Bard Hernia Mesh Lawsuit Ends in $255K Jury Verdict
A federal jury has ordered C.R. Bard and its parent company, Beckton Dickinson, to pay $255,000 in damages in the second Bard hernia mesh lawsuit to go before a jury in the federal court system, where more than 16,000 similar claims are currently pending.
The case was selected as the second “bellwether” trial to help the parties gauge how juries are likely to respond to certain evidence and testimony that will be repeated throughout the litigation against Bard, and promote potential hernia mesh settlement negotiations between the parties.
Each of the lawsuits raise similar allegations that plaintiffs experienced complications and required additional surgery after receiving defective polypropylene hernia repair products sold in recent years, including Bard Ventralex, Bard Ventralight, Bard Perfix, Bard 3DMax and other mesh systems.
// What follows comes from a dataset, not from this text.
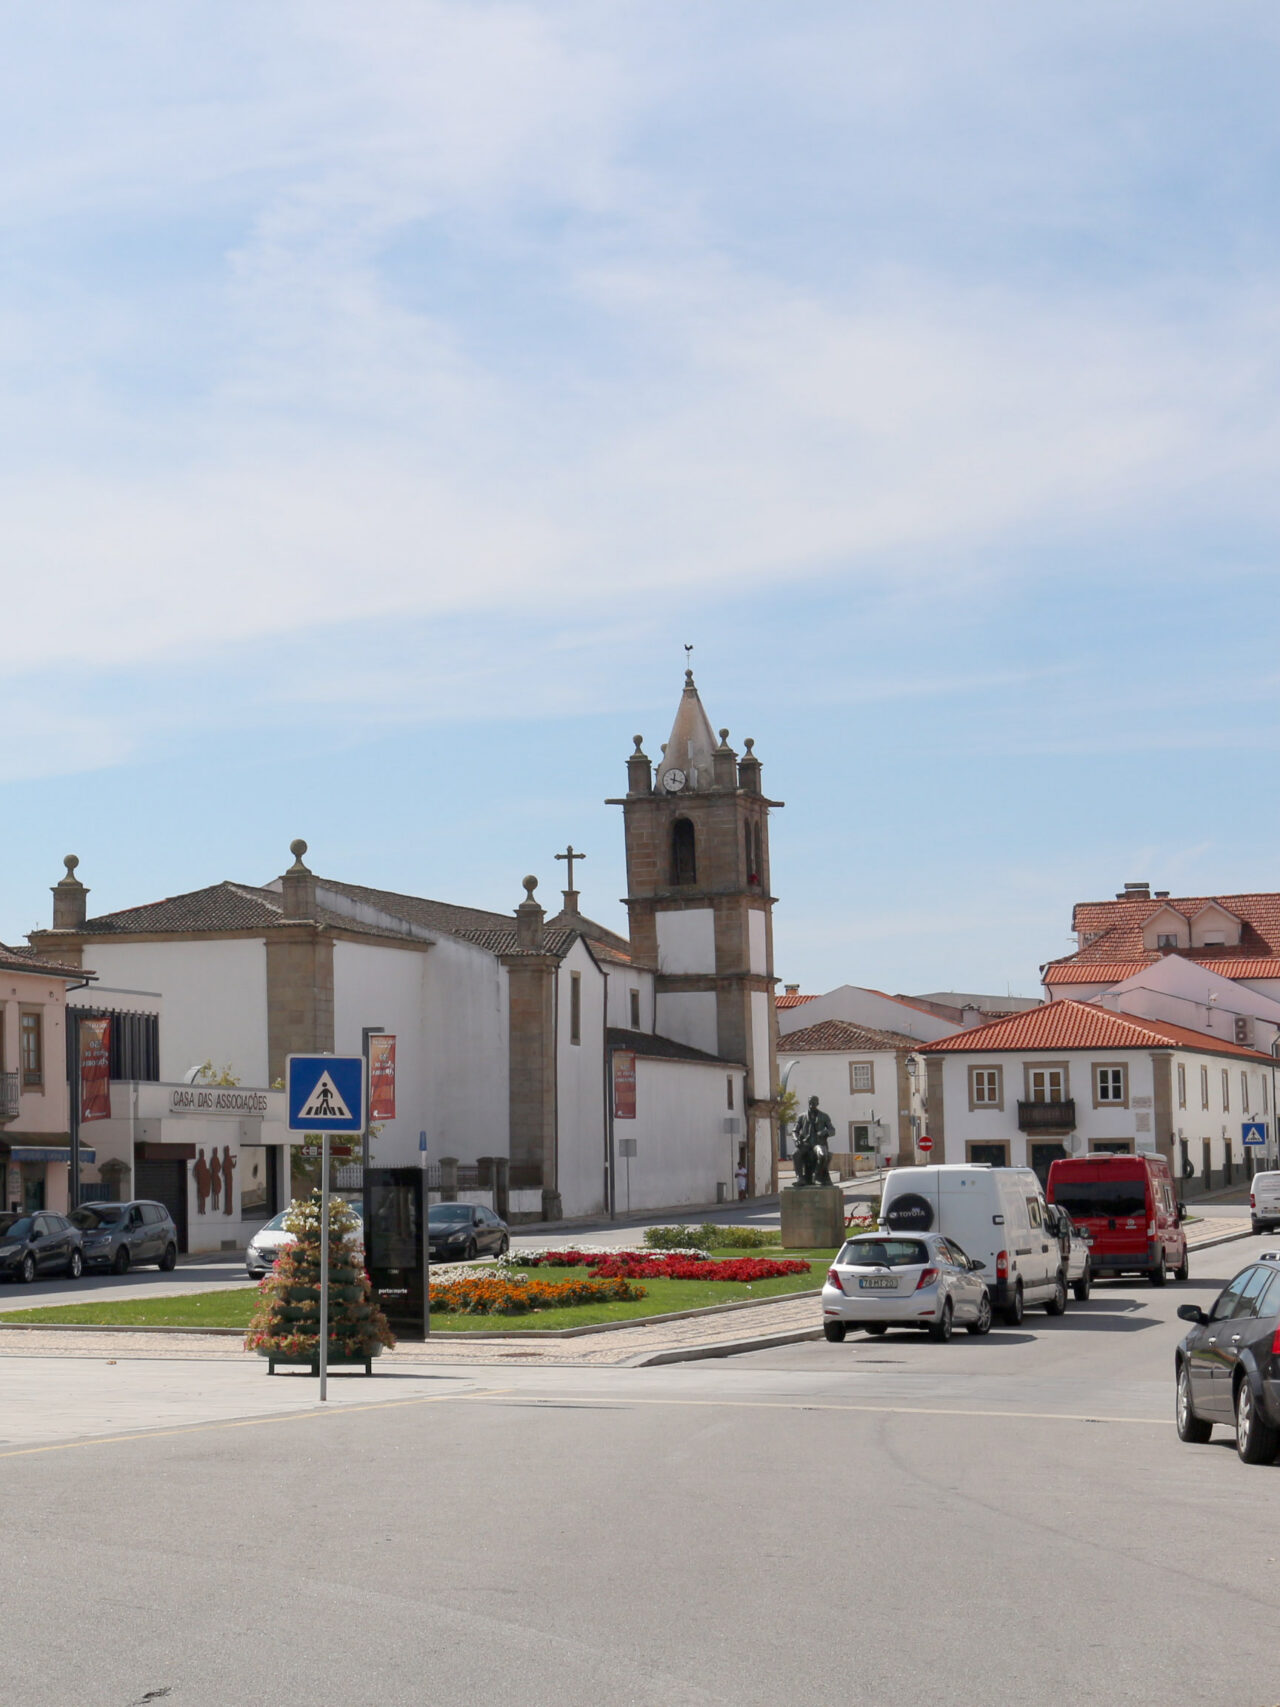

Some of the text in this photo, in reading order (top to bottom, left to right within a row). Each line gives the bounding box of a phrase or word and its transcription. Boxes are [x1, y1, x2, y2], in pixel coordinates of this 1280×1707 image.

[173, 1090, 268, 1113] CASA DAS ASSOCIAÇÕES
Learn More About Hernia Mesh lawsuits
Cases reviewed for problems with several types of hernia repair products.
Following a defense verdict returned in the first bellwether trial held in August 2021, involving a case selected by Bard, a lawsuit filed by Antonio Milanesi and his wife, Alicia Morz De Milanesi, was selected by plaintiffs for the second bellwether claim and began late last month.
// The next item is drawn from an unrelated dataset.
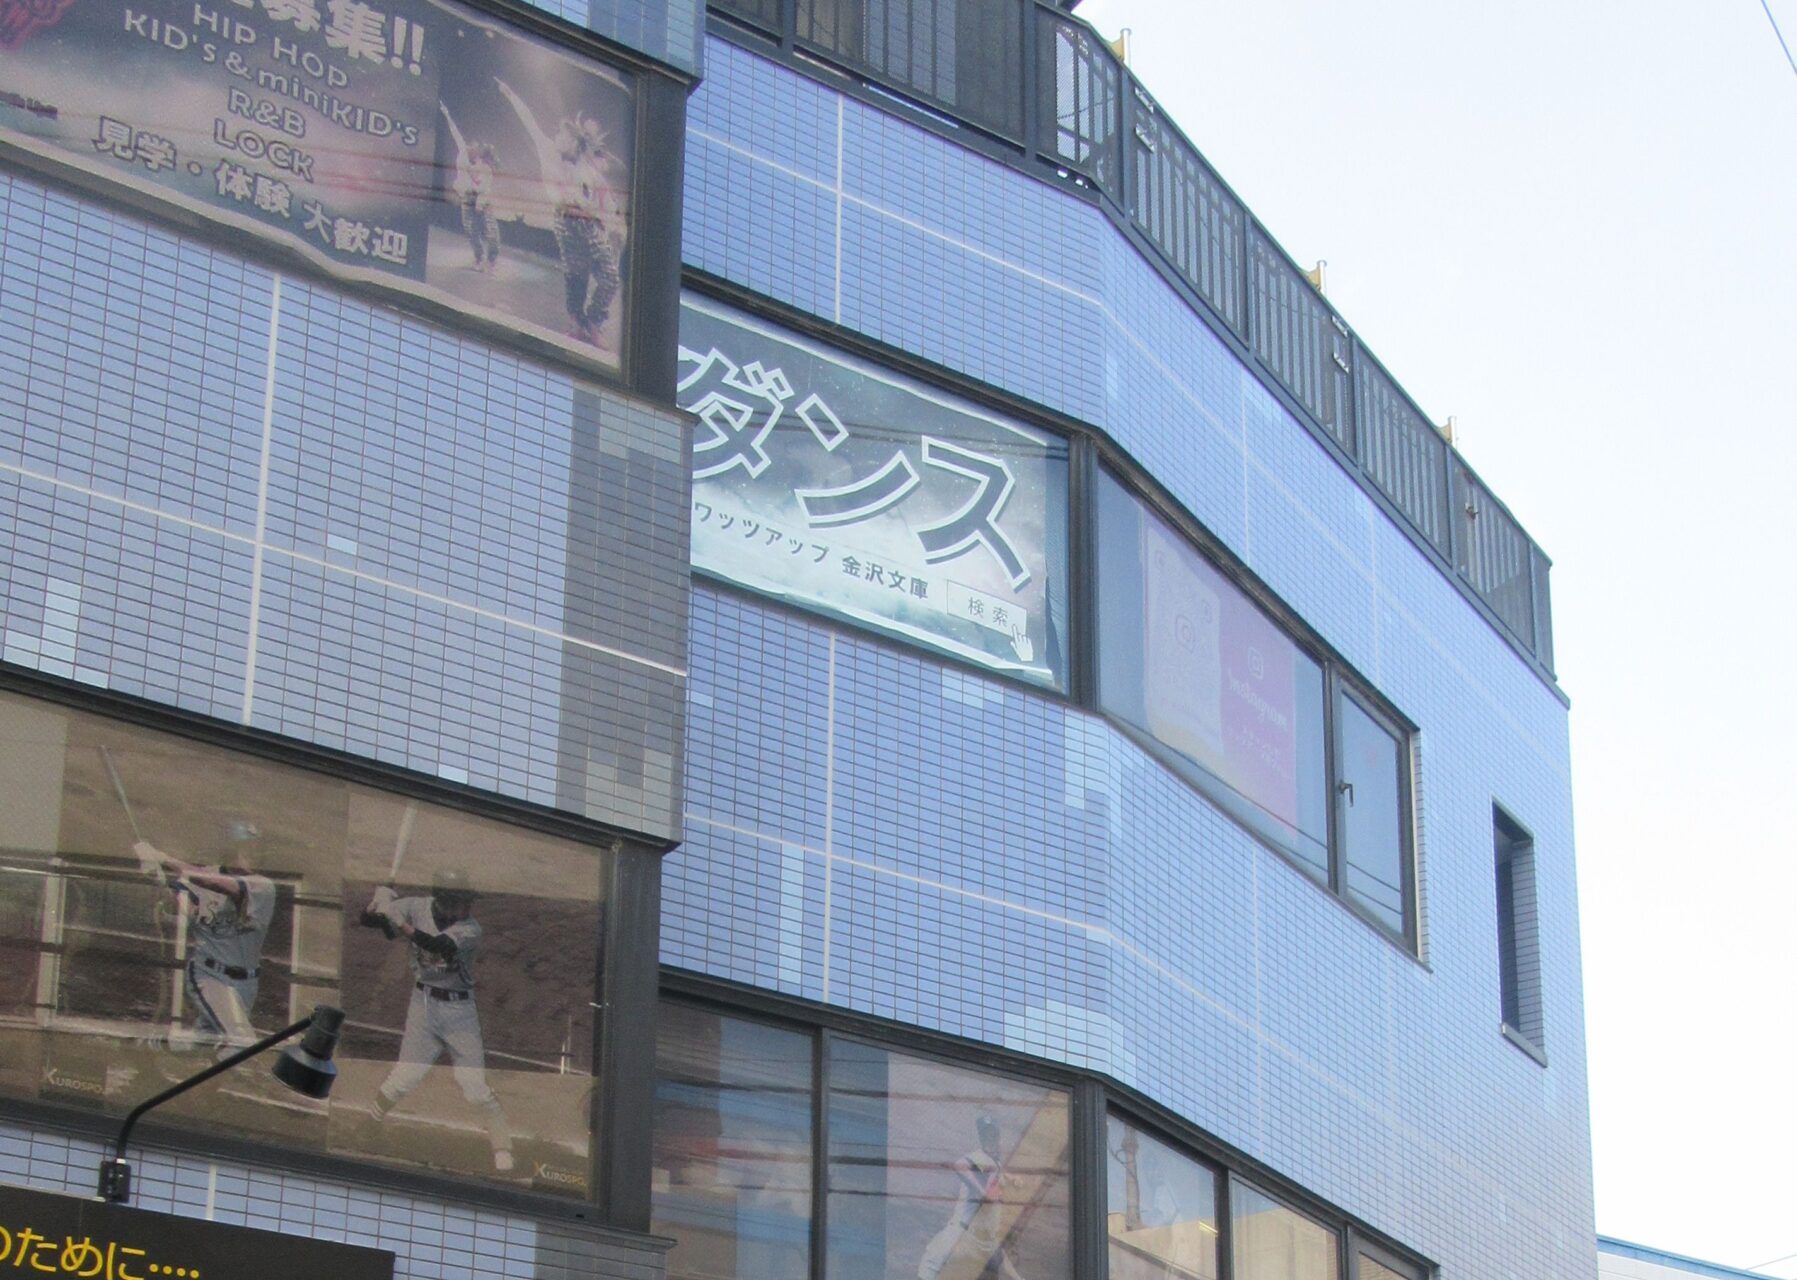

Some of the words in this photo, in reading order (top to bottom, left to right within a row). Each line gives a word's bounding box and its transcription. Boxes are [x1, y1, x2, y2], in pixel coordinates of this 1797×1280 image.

Following more than two weeks of testimony in the U.S. District Court for the Southern District of Ohio, a jury award of $255,000 was returned late Friday.
According to the verdict sheet (PDF), the jury sided with the plaintiffs on claims for negligent design defects and loss of consortium, but rejected claims involving strict product liability, negligent failure to warn, negligent misrepresentation, fraudulent misrepresentation and gross misconduct.
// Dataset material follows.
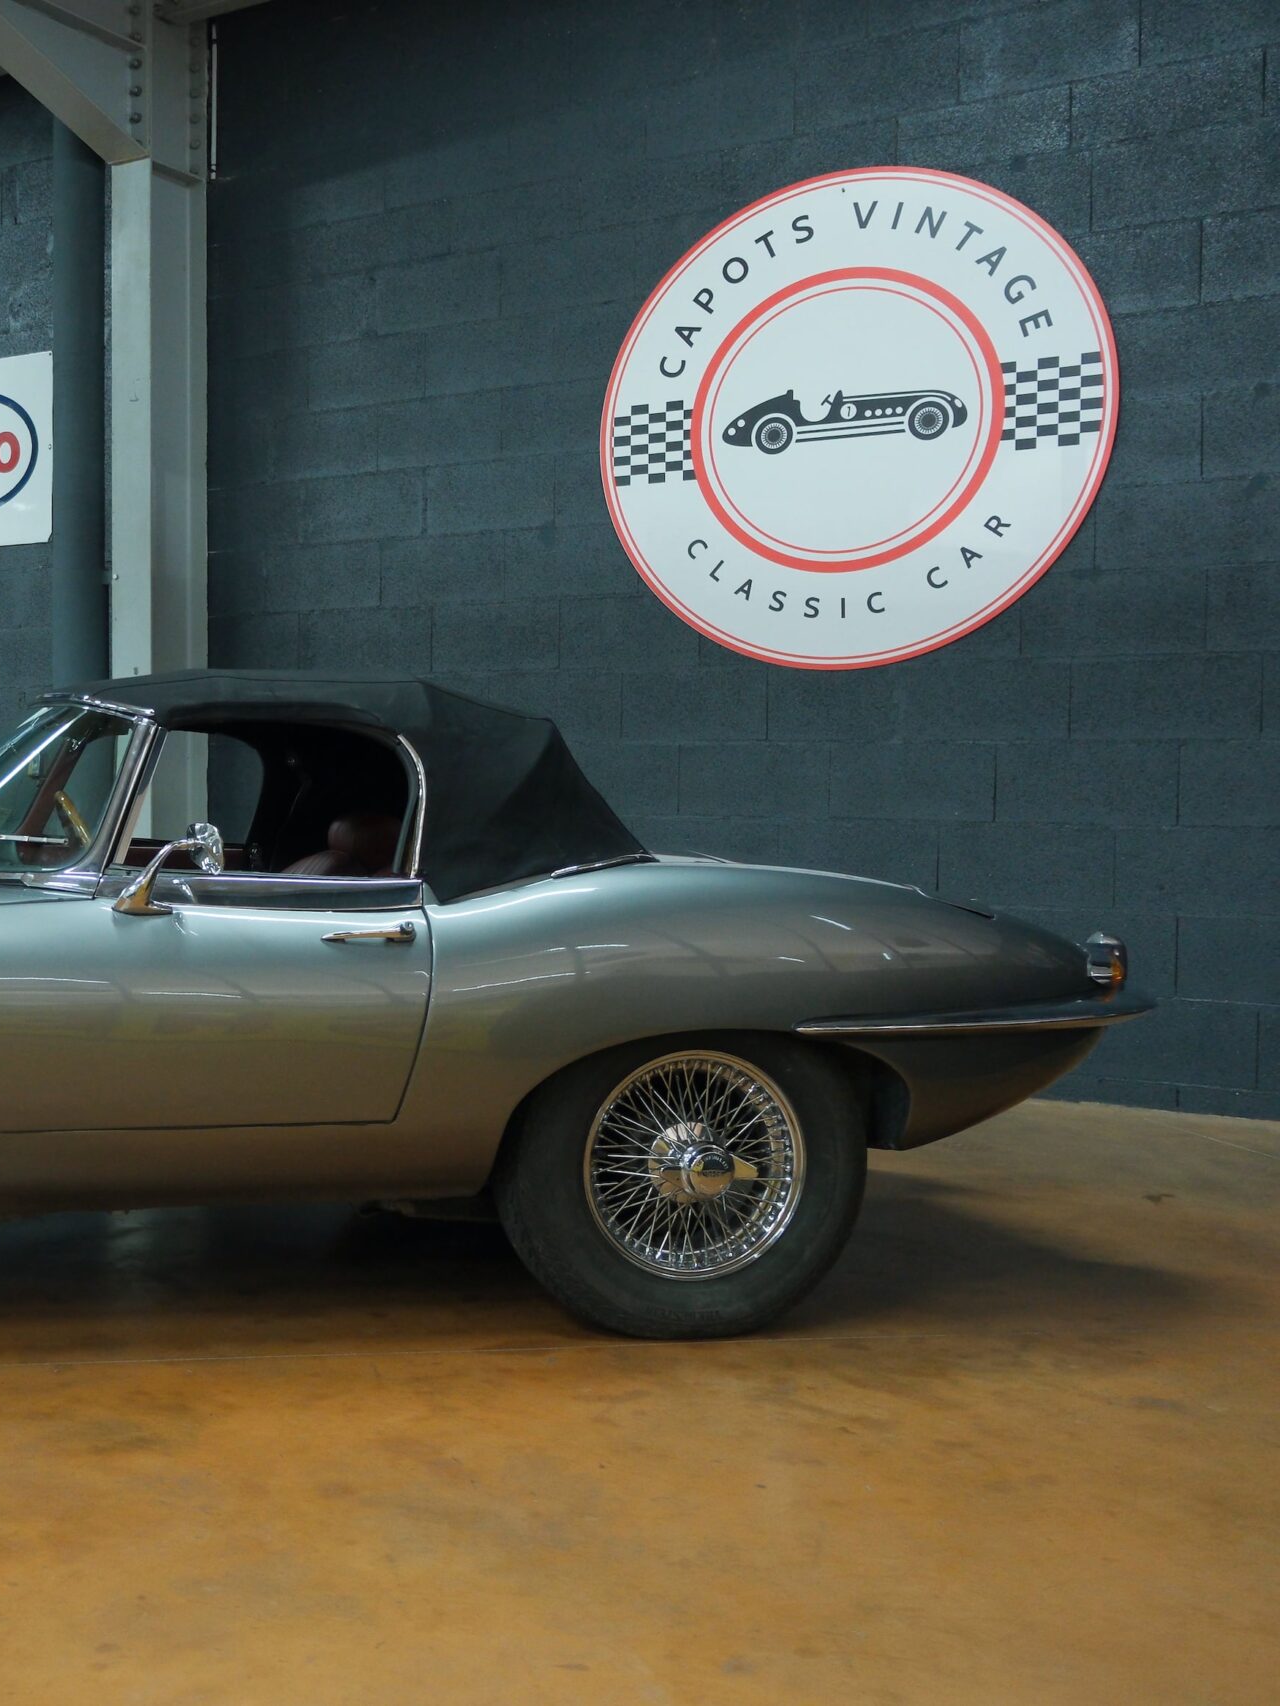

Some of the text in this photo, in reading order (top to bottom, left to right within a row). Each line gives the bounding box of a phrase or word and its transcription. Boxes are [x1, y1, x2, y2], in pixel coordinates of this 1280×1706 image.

[659, 200, 1054, 378] CAPOTS VINTAGE
[687, 514, 1012, 619] CLASSIC CAR
Milanesi originally filed the lawsuit in 2018, after experiencing problems with a Bard Ventralex Hernia Patch implanted during umbilical hernia surgery in July 2007. After developing an infection and a small bowel fistula in May 2017, Milanesi underwent additional surgery to have the mesh removed. According to evidence presented at trial, the mesh adhered to a loop of the small bowel, leading to erosion and the need for a small bowel resection, anastomosis, removal of the mesh and repair of the ventral hernia, leaving Milanesi with permanent and severe injuries.
While the outcome of the Milanesi trial will not have any binding impact on thousands of other claims brought against C.R. Bard, it may have a big impact on how much the manufacturer may need to pay to settle each of the remaining cases pending in the federal court system, which could result in liability of several billion dollars.
In addition to the federal lawsuits, Becton Dickinson also faces thousands of similar hernia mesh lawsuits in coordinated litigation in Rhode Island state court, and indicated in its most recent quarterly report that there are more than 26,000 product liability lawsuits pending nationwide.
If the company fails to negotiate settlements to resolve the litigation, it is expected that the court will schedule additional bellwether trials and order that waves of claims be worked up for remand back to U.S. District Courts nationwide for individual trial dates in the coming months.